The historic Promenade, which sits at the top of the 70-year-old highway’s crumbling three-tiered structure, currently acts as a barrier that blocks the toxic pollutant known as “fine particulate matter,” or pm 2.5, emitted by the 153,000 cars and trucks on the expressway daily from filling the lungs of kids, oldsters, and other vulnerable individuals living in the Heights, according to Garrett.

Bigwigs at the New York State Department of Health warn that pm 2.5 can irritate the eyes, noses, throats, and lungs of people who inhale it, and that prolonged exposure to the noxious particles can increase the risk of chronic bronchitis and death from lung cancer or heart disease.

And if city transportation officials move forward with their so-called “alternative approach” to turn the Promenade into a six-lane speedway for at least six years in order to shore up the 1.5-mile stretch of expressway — which Mayor DeBlasio prefers over the so-called “traditional approach” to rebuild the highway lane by lane, potentially causing traffic for up to 12 miles — then those chemicals would instead fly right into people’s homes, said Garrett, the author of a 2011 tome about the public-health crisis that plagued parts of the city following the 9-11 attacks.

“The alternative route will be literally inches from people’s bedroom windows, inches from playgrounds, and feet from schools and residents throughout, and we don’t have a precedent in the city for doing this to a community,” she said. “Eighteen-wheelers burning fuel, 153,000 vehicles a day rolling right at the level of people’s home windows — this community can be poisoned while we fix this.”

The mere possibility of such an increase in local pollution should be enough for Hizzoner — a self-professed fighter of climate change who still routinely hops into a sport-utility vehicle for the 12-mile drive from his Manhattan residence to his beloved Park Slope gym — to pump the brakes on his preferred repair plan and instead consider alternate solutions, according to Garrett.

“If we’re serious about climate change, and DeBlasio claims to be, why are we building a superhighway for 153,000 gas-guzzling vehicles everyday?” she said.

Officials — who said both the alternative and traditional approaches for fixing the triple cantilever would cost nearly $4 billion, with the former expected to end as soon as 2026, and latter lasting as long as into 2029 — should instead use that cash to conceive of an entirely new transit scheme for locals, rather than simply rebuild a decades-old roadway that the journalist called infrastructure of the past.

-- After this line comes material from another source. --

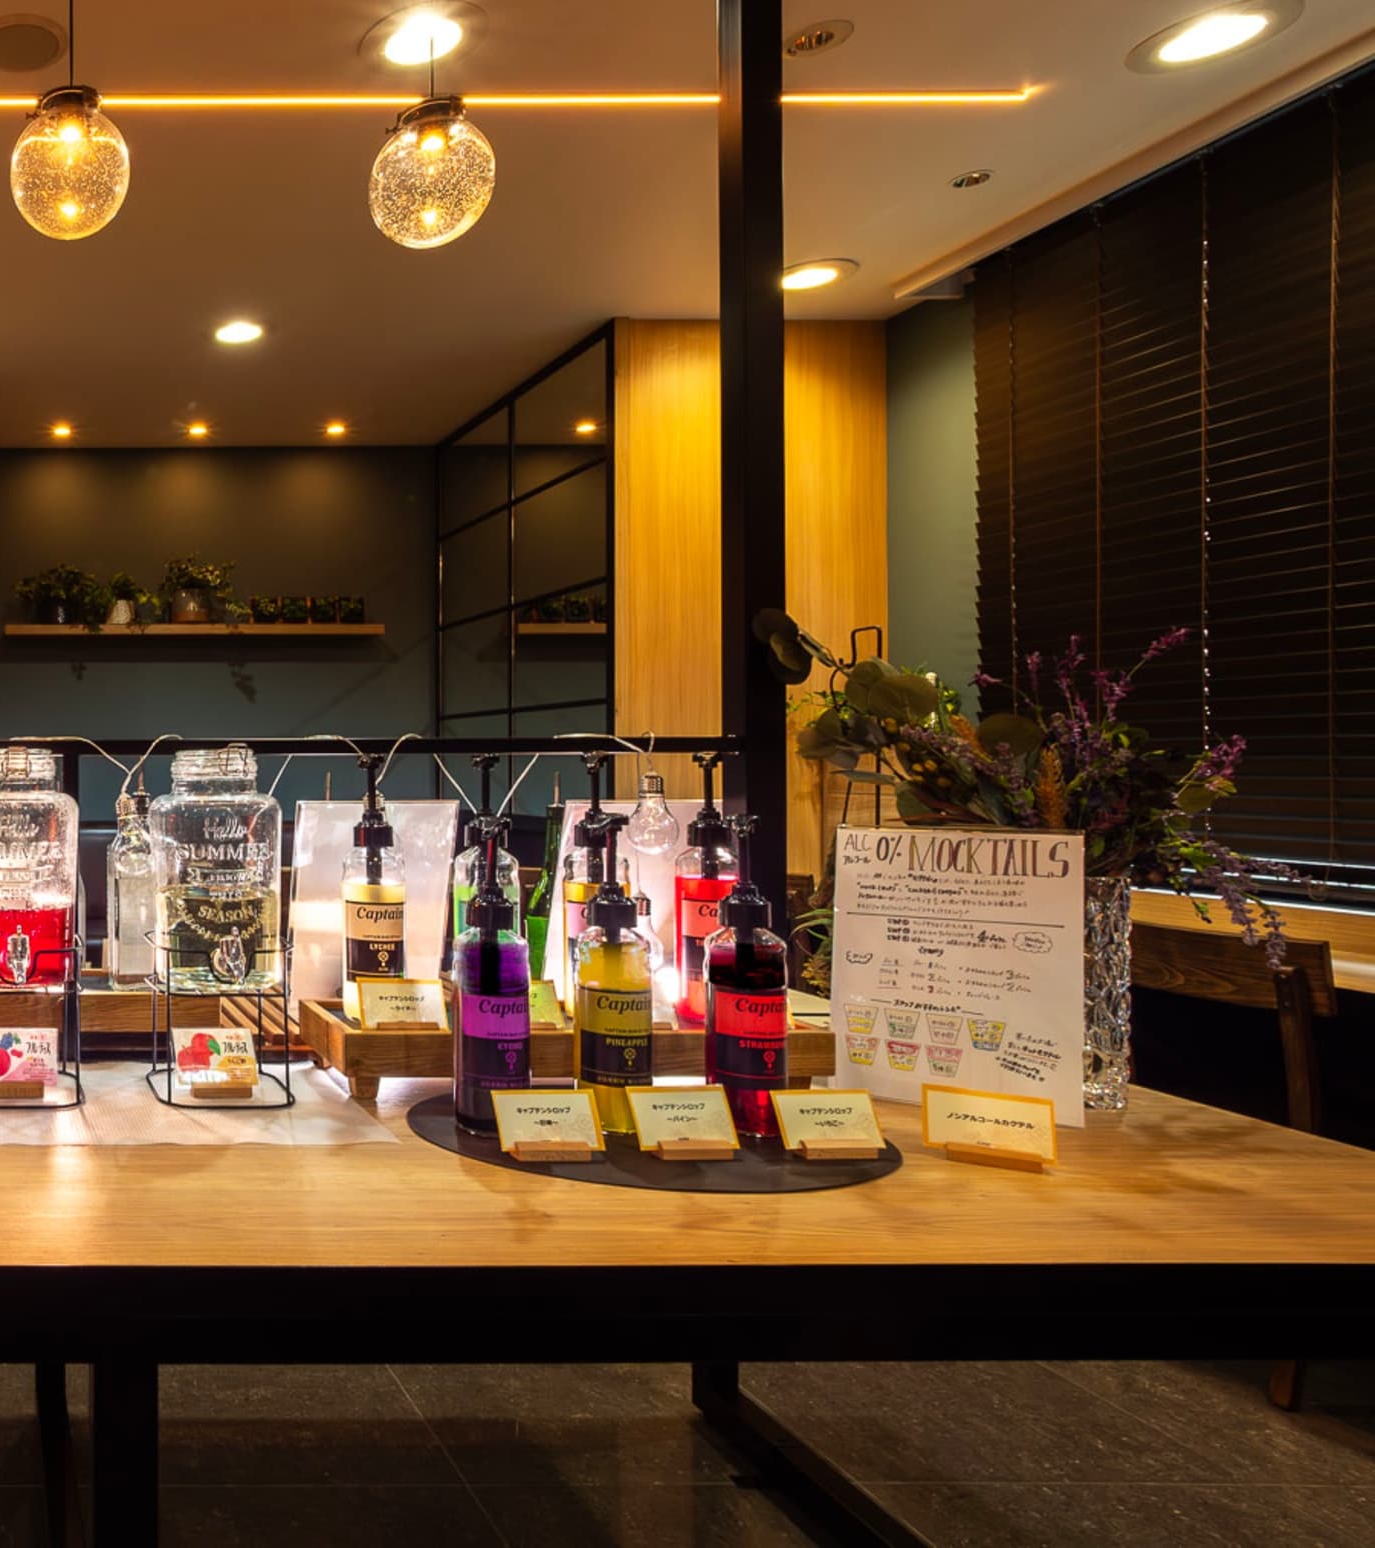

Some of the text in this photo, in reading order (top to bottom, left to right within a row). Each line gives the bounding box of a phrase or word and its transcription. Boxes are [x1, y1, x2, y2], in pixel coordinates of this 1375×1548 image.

“With $4 billion we could build an amazing people-mover system,” Garrett said. “Why are we still looking at exactly the same technology that Robert Moses was looking at right after World War II?”

And one city pol — who is rumored to be eyeing a run to succeed DeBlasio in the 2021 mayoral election — doubled down on Garrett’s plea, demanding his colleagues explore every possible option for repairing the length of expressway between Atlantic Avenue and Sands Street in order to spare people’s lungs and the Promenade, which must close for a time regardless of the option chosen due to its position atop the highway.

“Have you looked at the long term environmental impact on the surrounding community from property damage, dust, and debris due to the innovative approach?” Comptroller Scott Stringer wrote in a Dec. 17 missive to Hizzoner. “How does maintaining a major highway running through residential neighborhoods help that?”

Leaders of the city’s Department of Transportation, who are overseeing the repairs that could kick off as soon as 2020, are still weighing all their choices, and are about to kick off the job’s environmental-review process, according to a spokeswoman, who said the bigwigs will hold several upcoming meetings with Brooklyn Heights locals and civic leaders worried about the possibility of their beloved walkway turning into a temporary highway.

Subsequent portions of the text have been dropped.